REV. E. WAYNE BROOKS
TROUTVILLE
A money monument for Mill Mountain
TWO ARTICLES appeared side by side on the Dec. 21 Commentary page in the Roanoke Times & World-News: ``Pesticides and breast cancer'' by Laurel B. Hopwood, and ``Mill Mountain plan poses threat to a jewel'' by Liza Field. While they were written by two different people, they both dealt with land use - one concerning pesticides, the other destruction of a wild mountain.
The juxtaposition of these articles struck me as ironical for two reasons. The first is quite personal: I had just completed an environmental project for school on land usage. The other is quite altruistic: Pesticides have caused land destruction, have gotten into the foods we eat, and perhaps altered estrogen in women, hence, causing breast cancer.
This chemical alteration or mimicking of estrogen is analogous to the alteration of one of the few last natural environments left in the urban area of Roanoke: a concrete parking garage on Mill Mountain. The motive behind the plan is profit, the attraction of tourists, a place to park cars for fund-raisers. The Mill Mountain Committee has approved a $2.8 million plan for the garage. The purpose of spending that much money is to raise money. Indeed!

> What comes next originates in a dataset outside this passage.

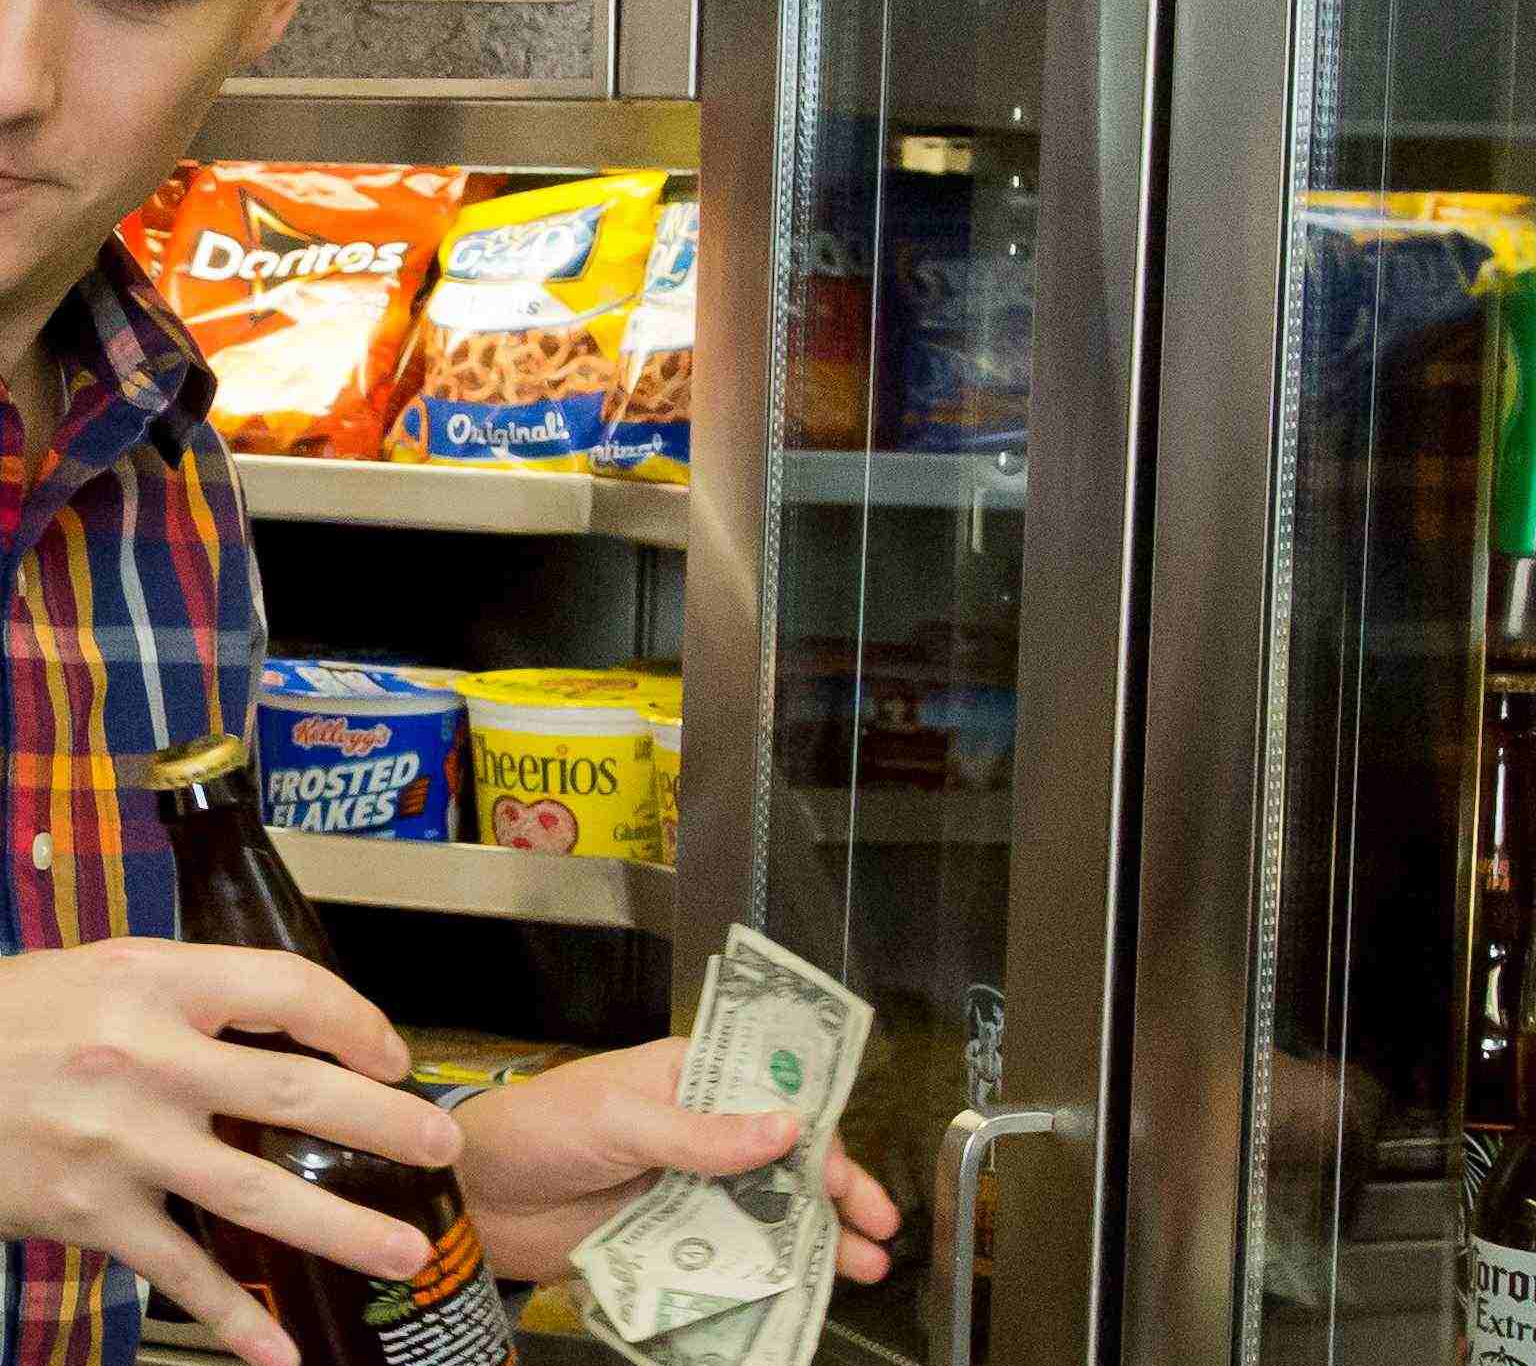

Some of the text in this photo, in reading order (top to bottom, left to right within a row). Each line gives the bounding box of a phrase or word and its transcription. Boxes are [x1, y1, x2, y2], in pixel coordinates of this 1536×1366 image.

[188, 227, 410, 283] Doritos
[292, 716, 392, 756] Kellogg's
[267, 751, 420, 805] FROSTED

Two years ago a citywide survey indicated that Roanokers didn't want any more development on Mill Mountain, not at the sacrifice of the natural environment.
As Ms. Field, the writer of the Mill Mountain article said, the presence of an undeveloped mountain is an unbelievable rarity. What about bike lanes? Footpaths?
For future generations, piling tons of concrete on top of a mountain is as much a cancer as pesticides in the food we eat. In both cases, it should be asked: What's the legacy we pass on?